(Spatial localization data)

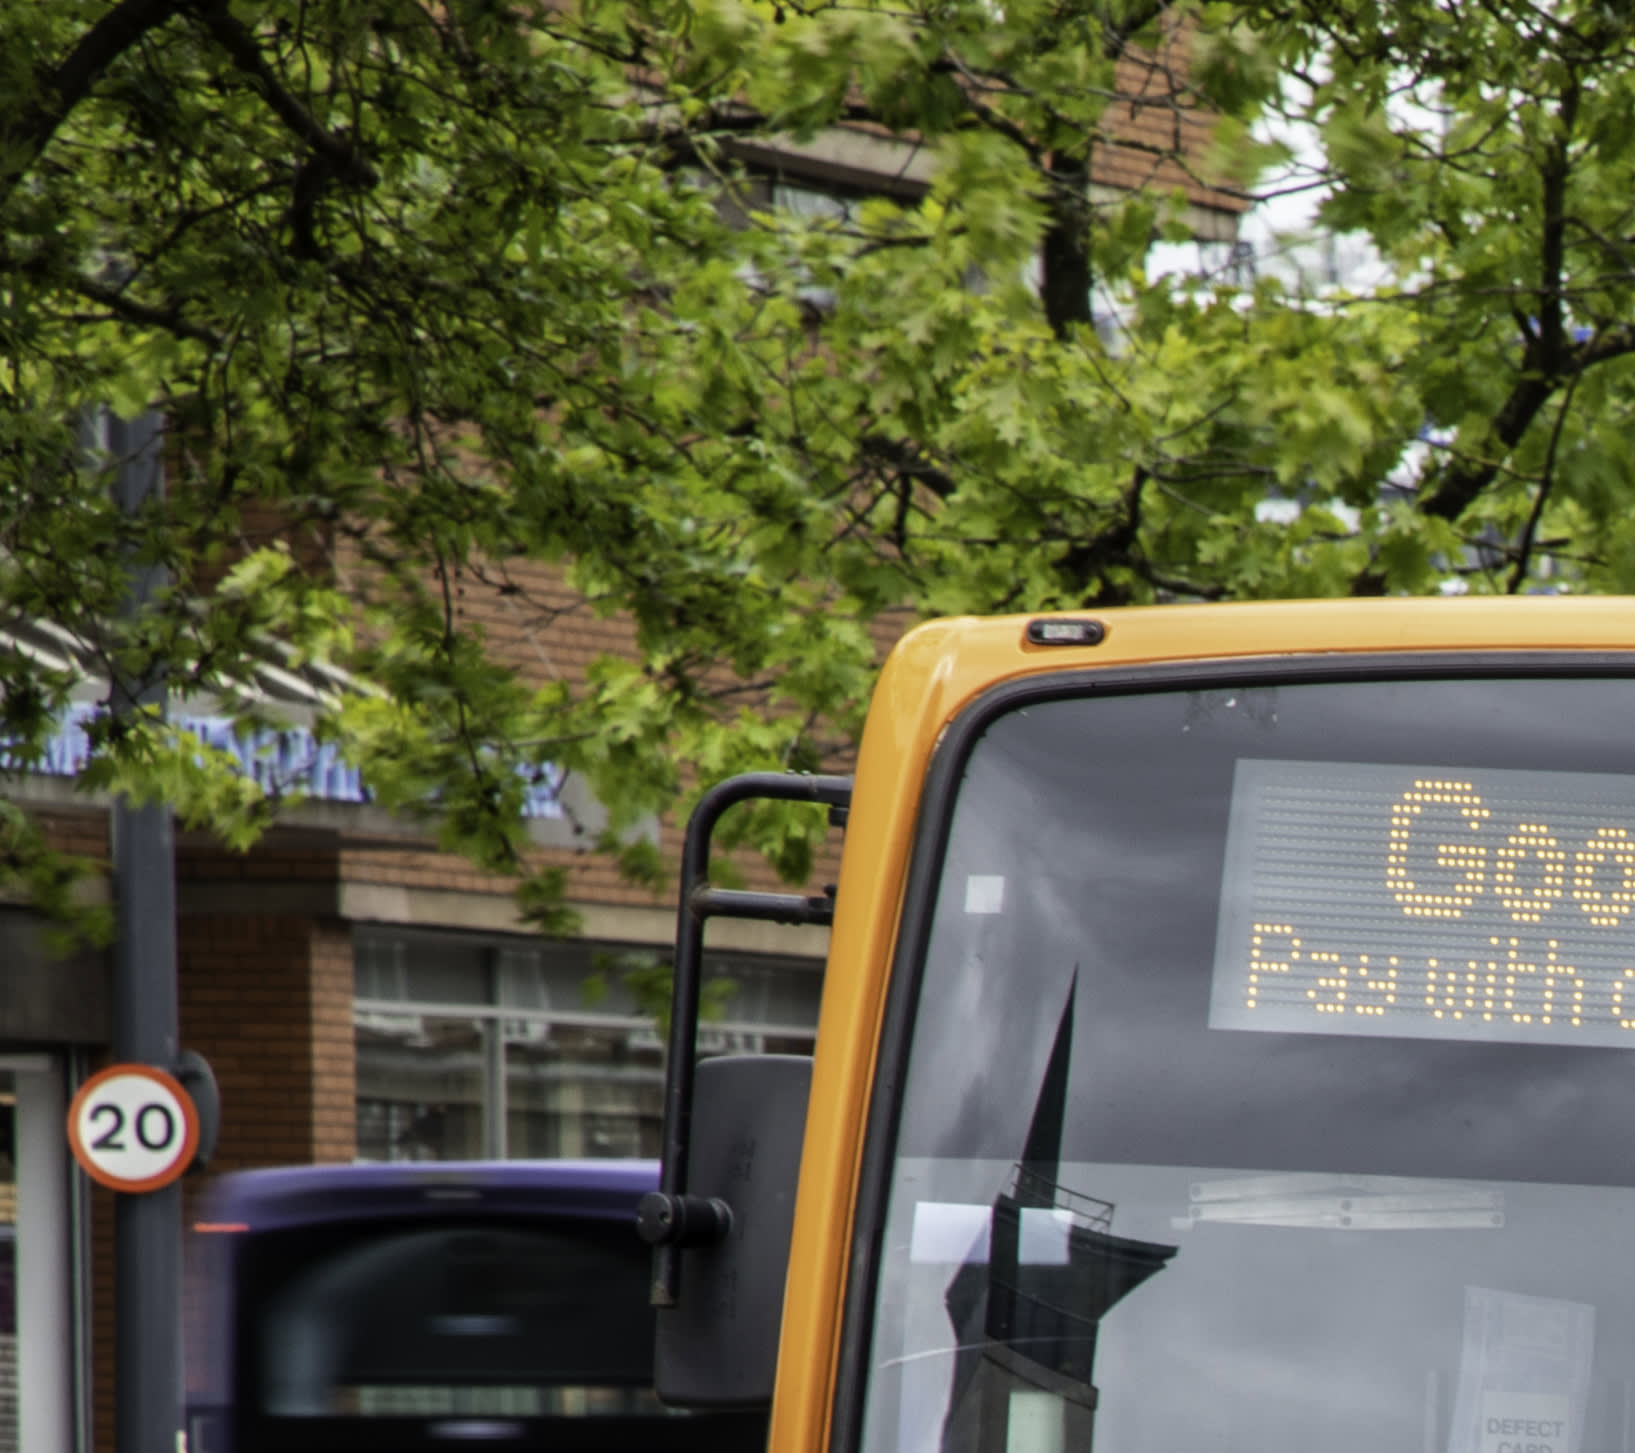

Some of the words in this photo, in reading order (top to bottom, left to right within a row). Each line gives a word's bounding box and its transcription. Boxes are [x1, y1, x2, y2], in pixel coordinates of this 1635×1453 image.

[1247, 923, 1398, 1016] Pay
[1426, 936, 1584, 1027] with
[89, 1103, 175, 1151] 20
[1486, 1417, 1564, 1438] DEFECT

What is required
What you give back should match the entries above exactly, except that pictures are dropped.

Task response
Some of the words in this photo, in reading order (top to bottom, left to right within a row). Each line gives a word's bounding box and its transcription. Boxes are [x1, y1, x2, y2], in pixel coordinates of this 1635×1453 image.

[1247, 923, 1398, 1016] Pay
[1426, 936, 1584, 1027] with
[89, 1103, 175, 1151] 20
[1486, 1417, 1564, 1438] DEFECT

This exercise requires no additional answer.